As we began, one thing that hit me was the disturbing nature of the facts that the CRT/I adherents had distorted and misrepresented. The whole antiracist movement is an attempt to keep alive a hatred industry. To blame someone else for all the ills of a nation. What happens as a result is they co-opt phrases which muddy the waters and confuse the issue with those who, if they knew the roots and true purpose of the movement, would shun it without a question.
When the book dropped and those who hadn’t even read the book began screaming about how the book was extremist or accused Voddie of plagiarism, that didn’t make me want to go in the other direction. It made me want to read it all the more because of the people who were making the allegations. Suffice to say, I’m not in their fan club. Anything that had them all in a tizzy had to have something good in it, and since I knew Voddie, I knew it was more than a little bit. David Robertson had done a review on the Fault Lines and admitted that before he had actually read it, the accusations were flying, and he found himself taking a taste here and there.
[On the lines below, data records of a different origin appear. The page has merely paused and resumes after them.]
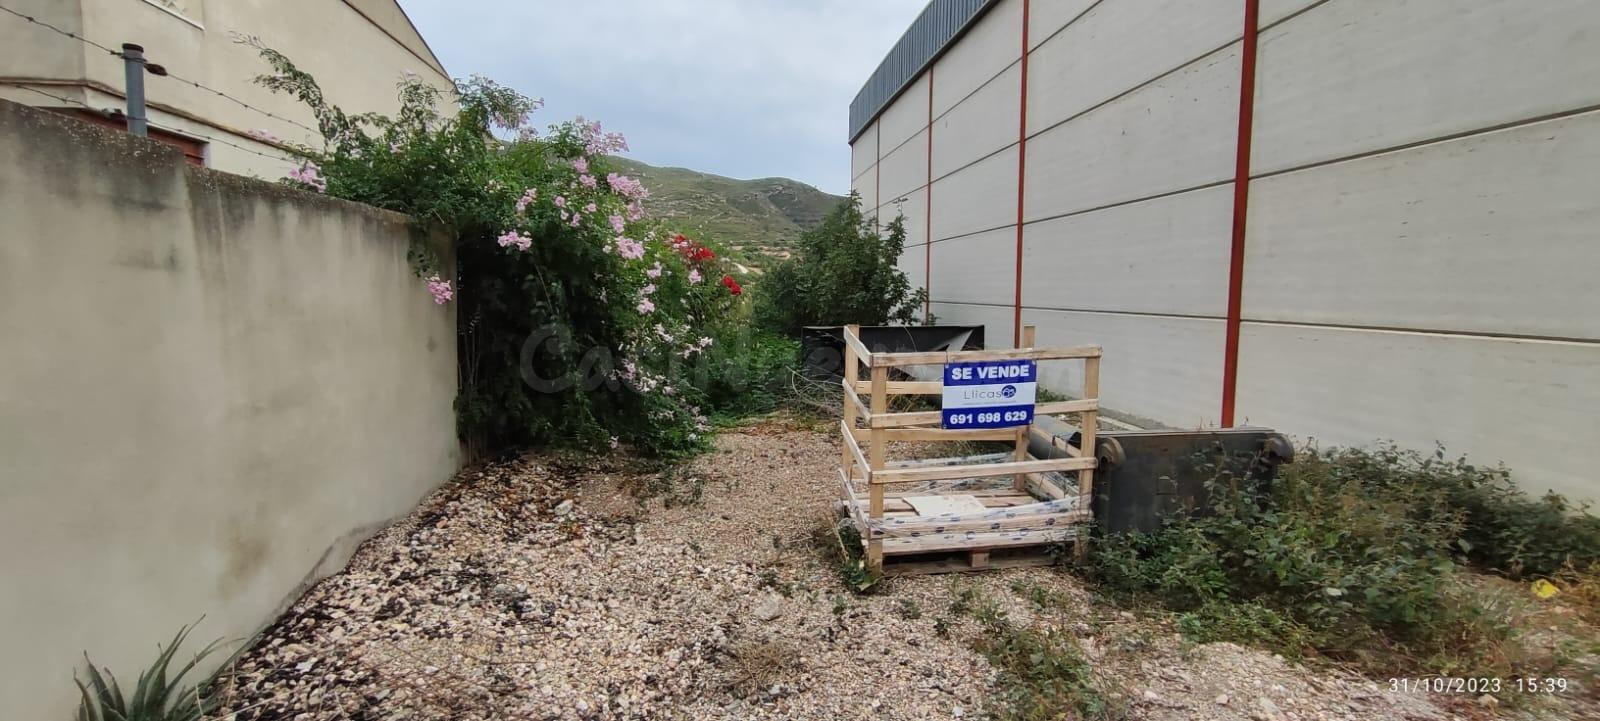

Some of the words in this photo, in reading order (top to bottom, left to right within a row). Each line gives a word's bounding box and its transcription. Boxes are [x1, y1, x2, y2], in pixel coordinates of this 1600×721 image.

[951, 367, 972, 380] SE
[977, 364, 1030, 379] VENDE
[949, 413, 973, 425] 691
[977, 412, 1001, 423] 698
[1004, 410, 1027, 422] 629
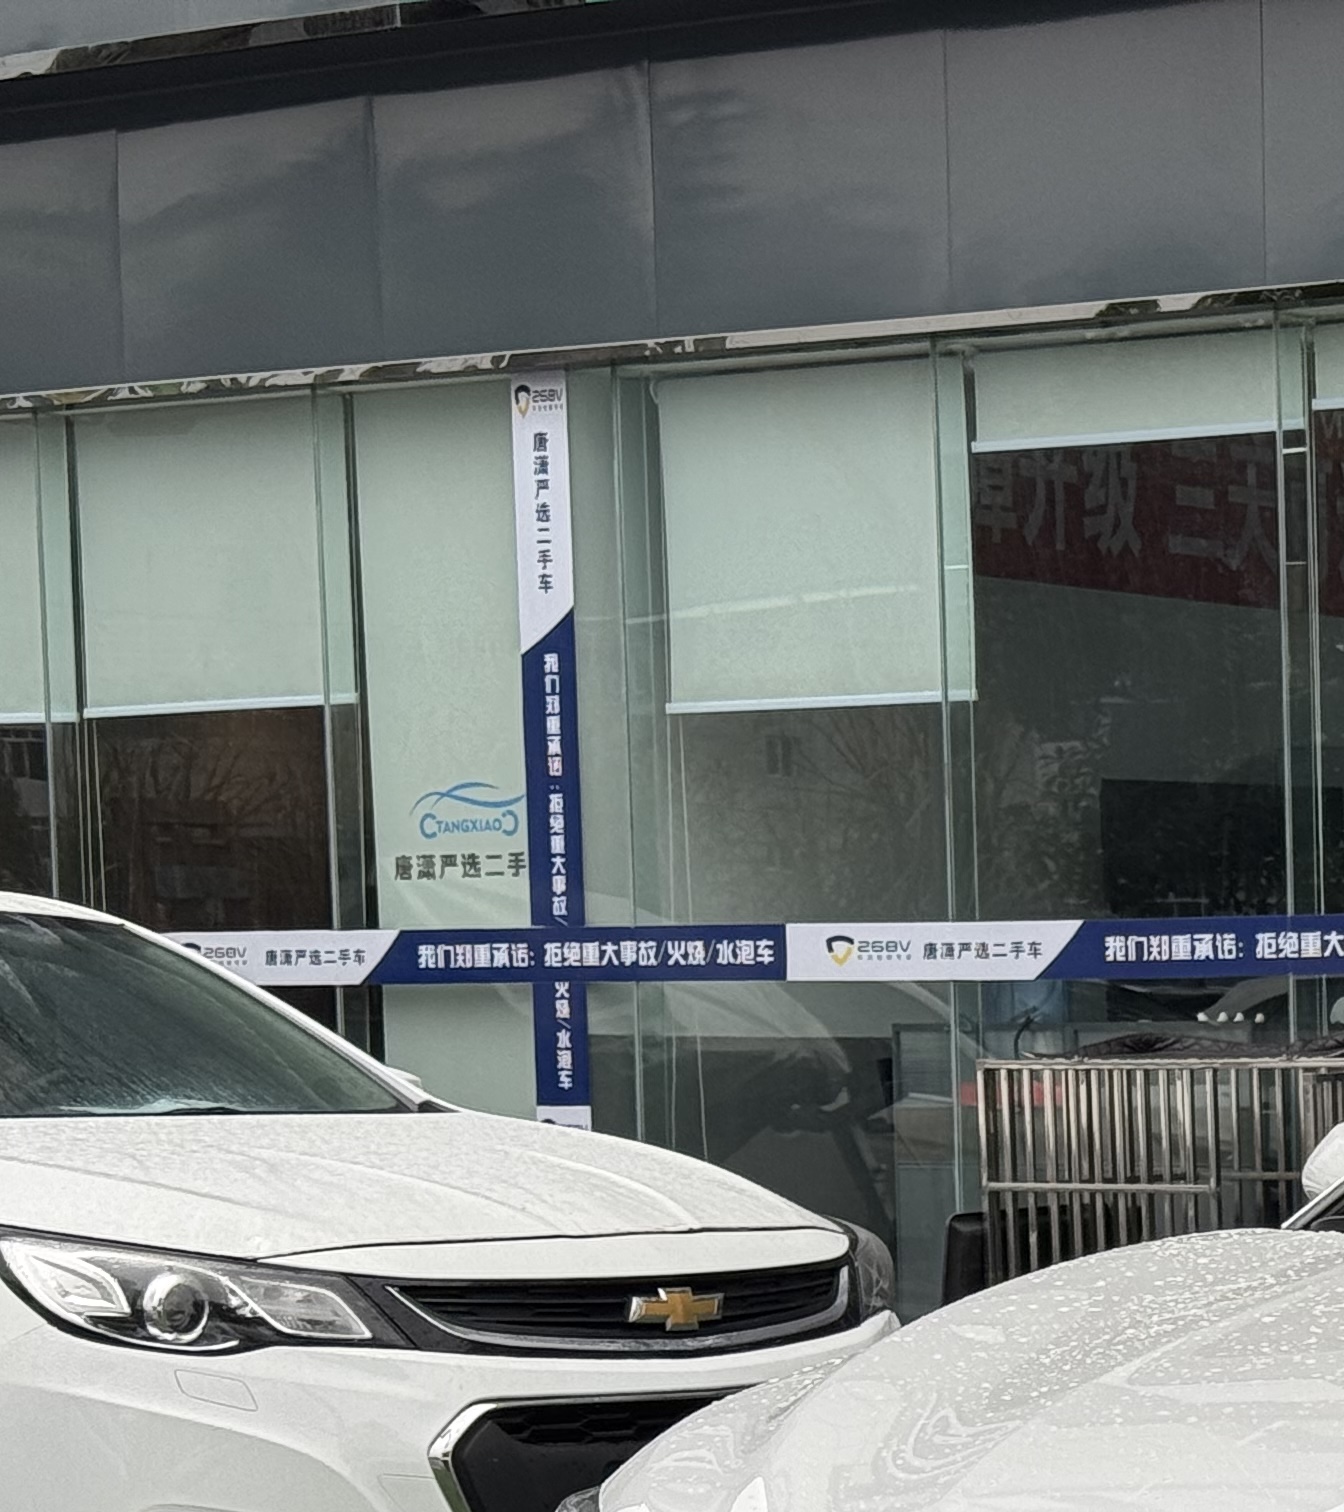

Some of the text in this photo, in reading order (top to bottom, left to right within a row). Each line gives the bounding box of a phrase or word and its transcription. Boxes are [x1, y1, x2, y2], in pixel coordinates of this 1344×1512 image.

[533, 431, 554, 595] 唐潇严选二手车
[264, 949, 367, 967] 唐潇严选二手车
[922, 940, 1044, 960] 唐潇严选二手车
The introduction made me want to read further into the book. There he says this:
The goal of this book is not to avoid the looming trouble. In fact, I believe that to be neither possible nor desirable. The trouble has arrived. It will not go away anytime soon, and the division it is causing is necessary (my emphasis).
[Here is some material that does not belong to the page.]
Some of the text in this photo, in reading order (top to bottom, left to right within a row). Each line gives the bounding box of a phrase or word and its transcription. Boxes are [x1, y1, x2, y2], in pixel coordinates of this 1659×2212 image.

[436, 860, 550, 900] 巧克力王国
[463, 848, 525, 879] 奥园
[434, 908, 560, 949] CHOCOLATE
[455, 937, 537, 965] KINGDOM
Chapters 1 and 2 are about Voddie’s background, which may be a surprise to some given the content of the book. For me, it was not, because it mirrored very much my experience growing up as a young black man.
Chapter 3 highlights in several places the abject falsification and sinister undertones that accompany the CRT/I movement. They pepper key phrases and trigger words throughout their antiracist language to either conflate or confuse ethnic relations. A quote in the book from Aaron Preston, a Valparaiso University philosophy professor, sums it up well when he gives a description of those who are practitioners of so-called “grievance studies”. There he describes them as:
… resentful specialists in subversion who treat literature and philosophy, and indeed language itself, as tools to be used for political purposes.
Spot on.
But it doesn’t stop there. The media is in on the game as well.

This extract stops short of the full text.